Charles West Cope (28 July 1811- 21 August 1890) was an English, Victorian era painter of genre and history scenes, and an etcher. He was responsible for painting several frescos in the House of Lords in London.

==Life and work==
===Early life and training===
Cope was born at Park Square in Leeds, the son of Charles Cope, a watercolour landscape painter and art teacher. He was given the name 'West' after that of a celebrated painter, Benjamin West, and his only sister Ellen, given the middle-name 'Turner', after J. M. W. Turner – both painters being friends of his father. His mother was "a gifted amateur" artist in watercolours who died shortly after Charles' birth.

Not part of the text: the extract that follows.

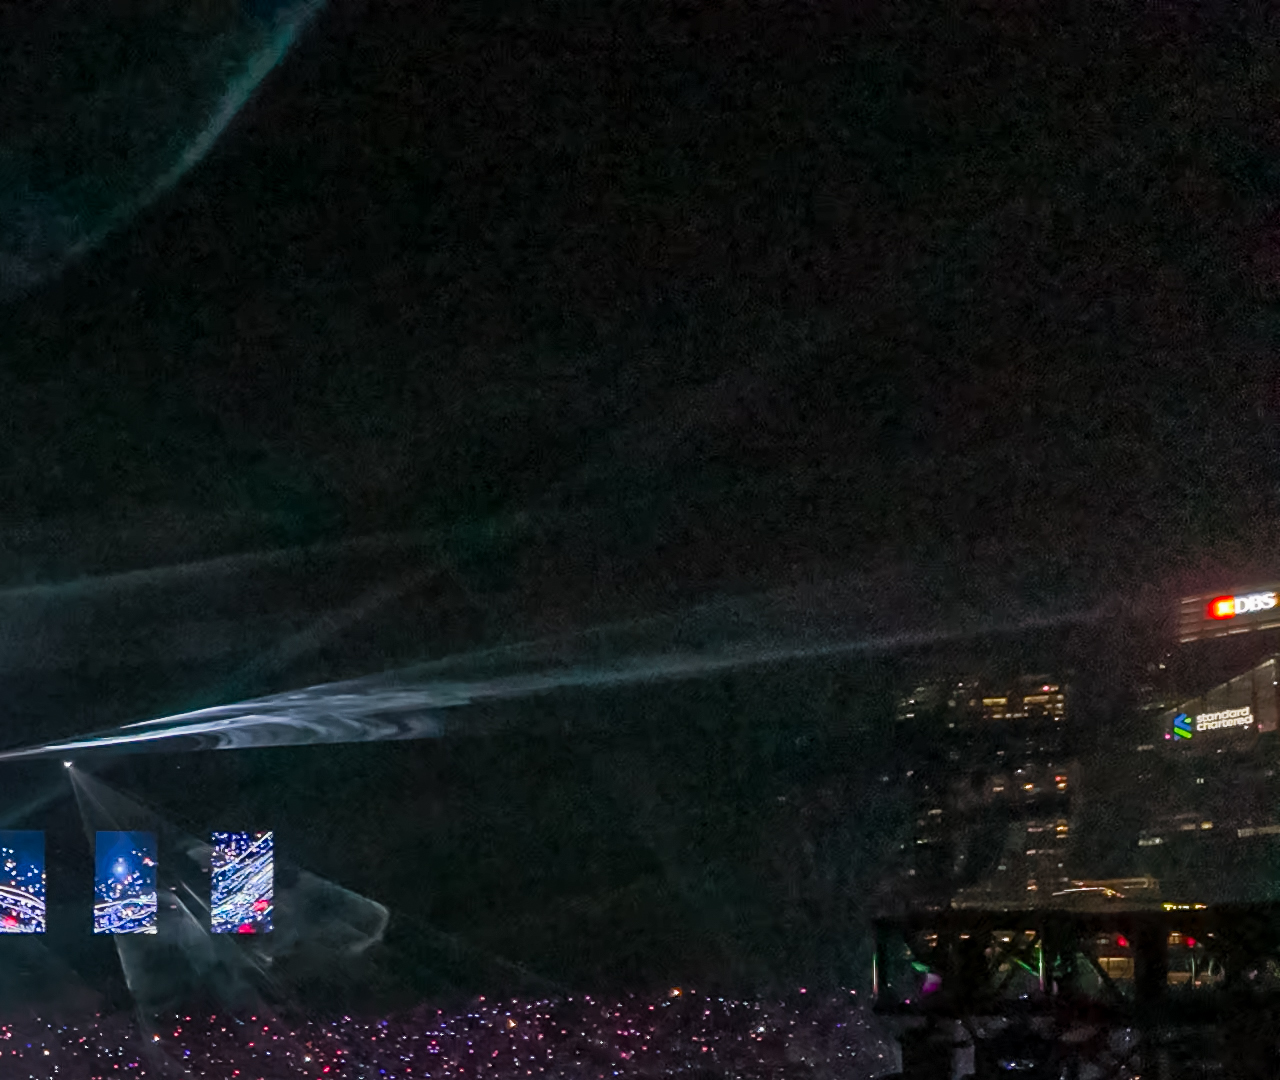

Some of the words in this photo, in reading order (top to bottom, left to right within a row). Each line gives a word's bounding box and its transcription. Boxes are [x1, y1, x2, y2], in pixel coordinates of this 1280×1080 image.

Charles was sent as a child to a boarding school in Camberwell, London, and afterwards to "Terry's school" (sic) at Great Marlow, where he was bullied and his elbow broken, which left him with a crooked arm for life. He then went to Leeds Grammar School, where he suffered from the attentions of a cruel teacher.

In 1827, Cope's father was killed in a stage coach accident. That same year he entered Sass's Academy in Bloomsbury, London, and in 1828 became a student of the Royal Academy. He earned a silver medal from the Society of Arts in 1829, a second medal in the Royal Academy Life School, and therefore a life studentship. While at Sass's he established life-long friendship with Francis Cary and Charles Stonhouse. About 1830 he lived at lodgings in Great Russell Street, Bloomsbury close to the British Museum.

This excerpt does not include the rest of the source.